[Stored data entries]
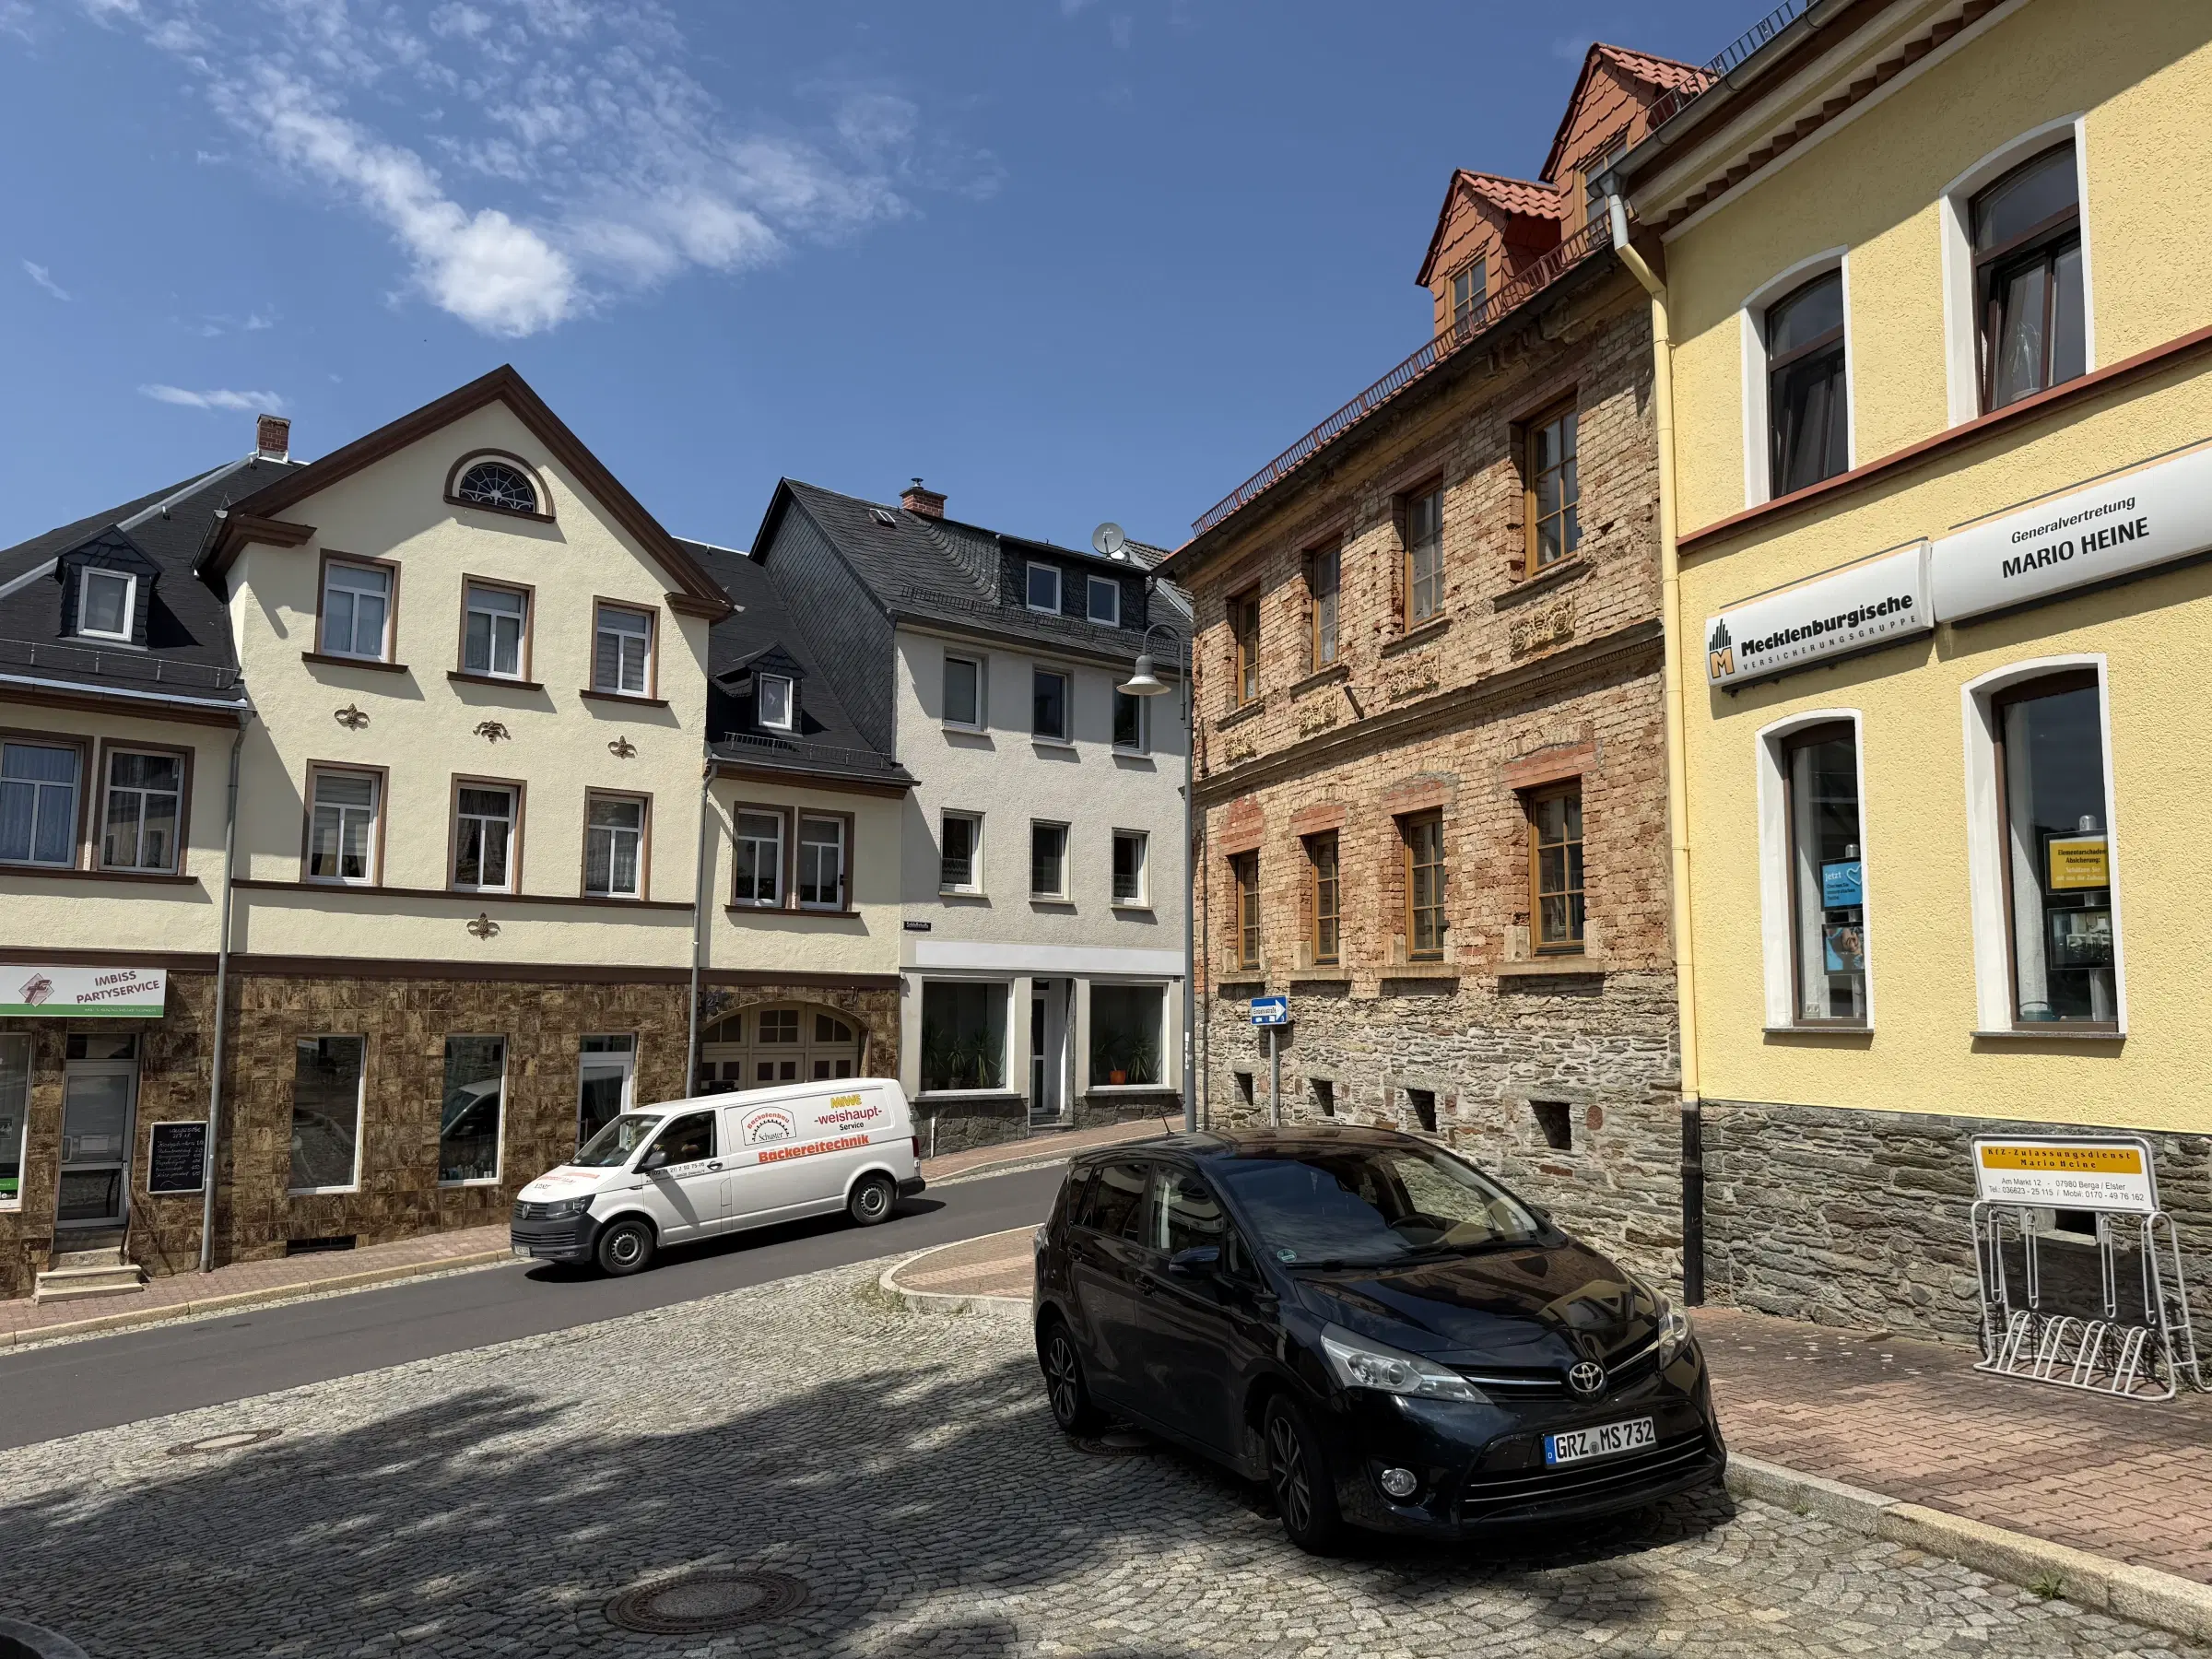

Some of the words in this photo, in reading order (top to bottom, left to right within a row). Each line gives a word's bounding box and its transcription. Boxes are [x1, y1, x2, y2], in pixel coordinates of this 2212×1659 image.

[2011, 496, 2136, 544] Generalvertretung
[2002, 540, 2074, 579] MARIO
[2080, 516, 2149, 555] HEINE
[1741, 594, 1913, 657] Mecklenburgische
[1743, 615, 1916, 670] VERSICHERUNGSGRUPPE
[1825, 871, 1841, 882] Jetzt
[94, 971, 137, 986] IMBISS
[76, 980, 160, 1004] PARTYSERVICE
[747, 1112, 790, 1130] Backofenbau
[814, 1105, 882, 1125] -weishaupt-
[839, 1121, 865, 1131] Service
[759, 1132, 783, 1141] Schuster
[2060, 1160, 2097, 1169] Heine
[1988, 1185, 2001, 1194] Tel.:
[2002, 1186, 2026, 1194] 036623
[2041, 1188, 2053, 1196] 115
[2063, 1189, 2084, 1197] Mobil:
[2085, 1190, 2103, 1198] 0170
[2109, 1192, 2119, 1200] 49
[2121, 1193, 2130, 1201] 76
[2131, 1194, 2145, 1202] 162
[2013, 1178, 2032, 1186] Markt
[2055, 1180, 2077, 1188] 07980
[2078, 1181, 2100, 1190] Berga
[2105, 1182, 2125, 1191] Elster
[1555, 1432, 1589, 1459] GRZ
[1599, 1426, 1622, 1451] MS
[1623, 1419, 1654, 1446] 732

What is being asked
The answer must be an exact copy of the records above, with the pictures left out.

Exercise answer
Some of the words in this photo, in reading order (top to bottom, left to right within a row). Each line gives a word's bounding box and its transcription. Boxes are [x1, y1, x2, y2], in pixel coordinates of this 2212×1659 image.

[2011, 496, 2136, 544] Generalvertretung
[2002, 540, 2074, 579] MARIO
[2080, 516, 2149, 555] HEINE
[1741, 594, 1913, 657] Mecklenburgische
[1743, 615, 1916, 670] VERSICHERUNGSGRUPPE
[1825, 871, 1841, 882] Jetzt
[94, 971, 137, 986] IMBISS
[76, 980, 160, 1004] PARTYSERVICE
[747, 1112, 790, 1130] Backofenbau
[814, 1105, 882, 1125] -weishaupt-
[839, 1121, 865, 1131] Service
[759, 1132, 783, 1141] Schuster
[2060, 1160, 2097, 1169] Heine
[1988, 1185, 2001, 1194] Tel.:
[2002, 1186, 2026, 1194] 036623
[2041, 1188, 2053, 1196] 115
[2063, 1189, 2084, 1197] Mobil:
[2085, 1190, 2103, 1198] 0170
[2109, 1192, 2119, 1200] 49
[2121, 1193, 2130, 1201] 76
[2131, 1194, 2145, 1202] 162
[2013, 1178, 2032, 1186] Markt
[2055, 1180, 2077, 1188] 07980
[2078, 1181, 2100, 1190] Berga
[2105, 1182, 2125, 1191] Elster
[1555, 1432, 1589, 1459] GRZ
[1599, 1426, 1622, 1451] MS
[1623, 1419, 1654, 1446] 732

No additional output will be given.